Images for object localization
****
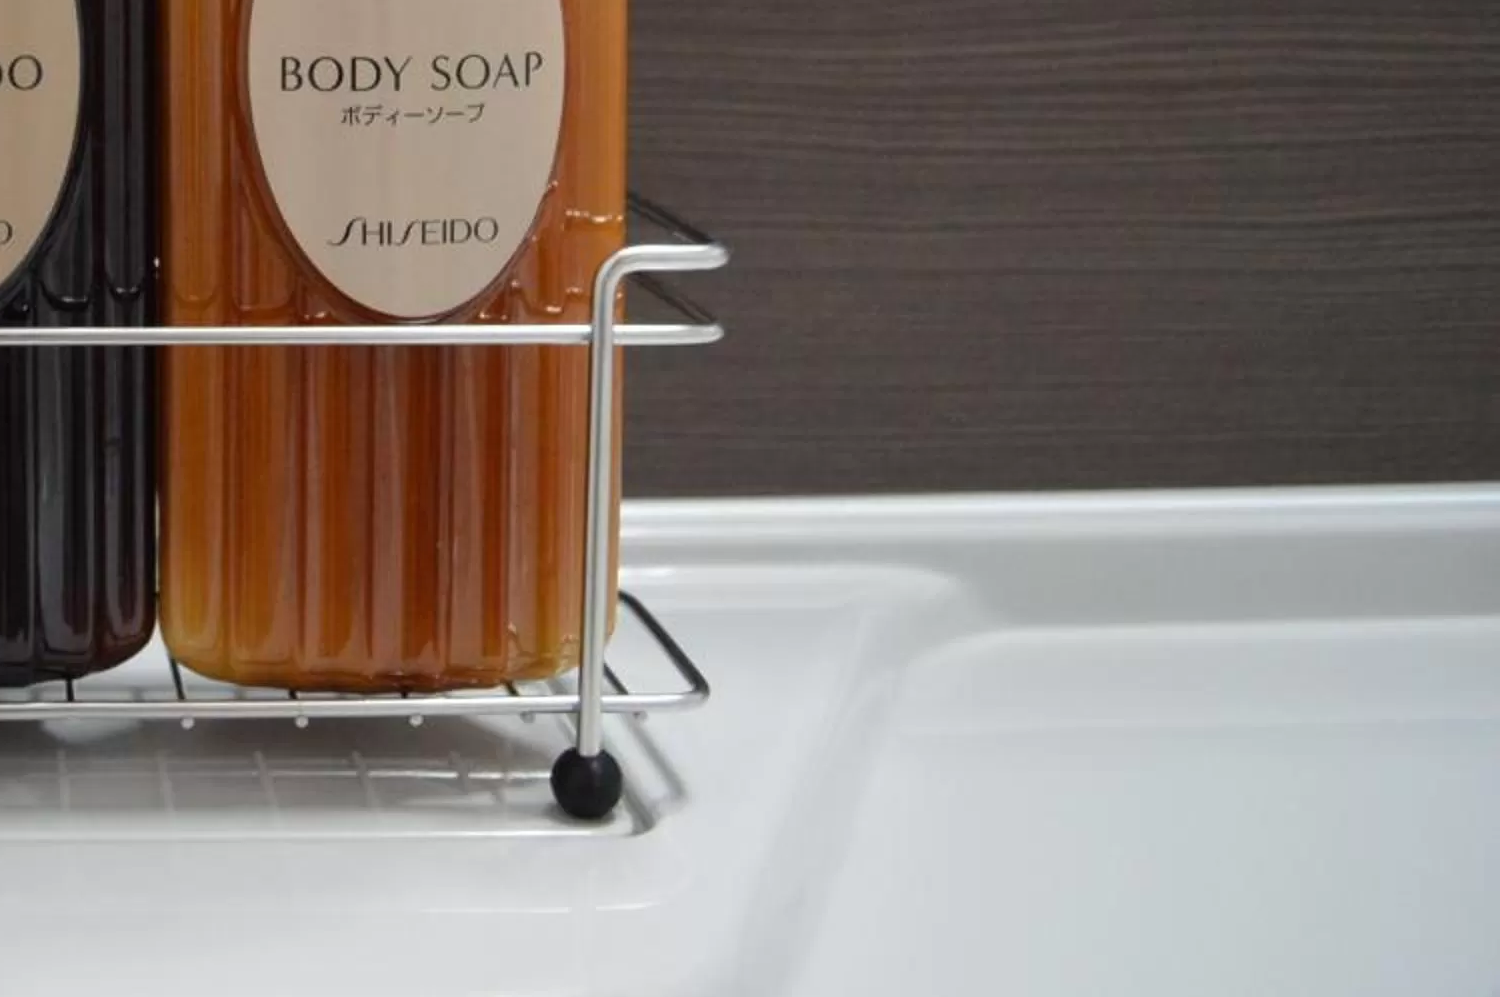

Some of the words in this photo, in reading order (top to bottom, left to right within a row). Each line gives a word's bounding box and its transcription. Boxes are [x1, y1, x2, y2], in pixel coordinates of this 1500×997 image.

[280, 55, 412, 92] BODY
[430, 50, 544, 92] SOAP
[340, 102, 486, 127] ボディーソープ
[327, 217, 499, 247] SHISEIDO
****
* Try it *
Repeat all the data as it stands, dropping any images it holds.

* Exercise solution *
Some of the words in this photo, in reading order (top to bottom, left to right within a row). Each line gives a word's bounding box and its transcription. Boxes are [x1, y1, x2, y2], in pixel coordinates of this 1500×997 image.

[280, 55, 412, 92] BODY
[430, 50, 544, 92] SOAP
[340, 102, 486, 127] ボディーソープ
[327, 217, 499, 247] SHISEIDO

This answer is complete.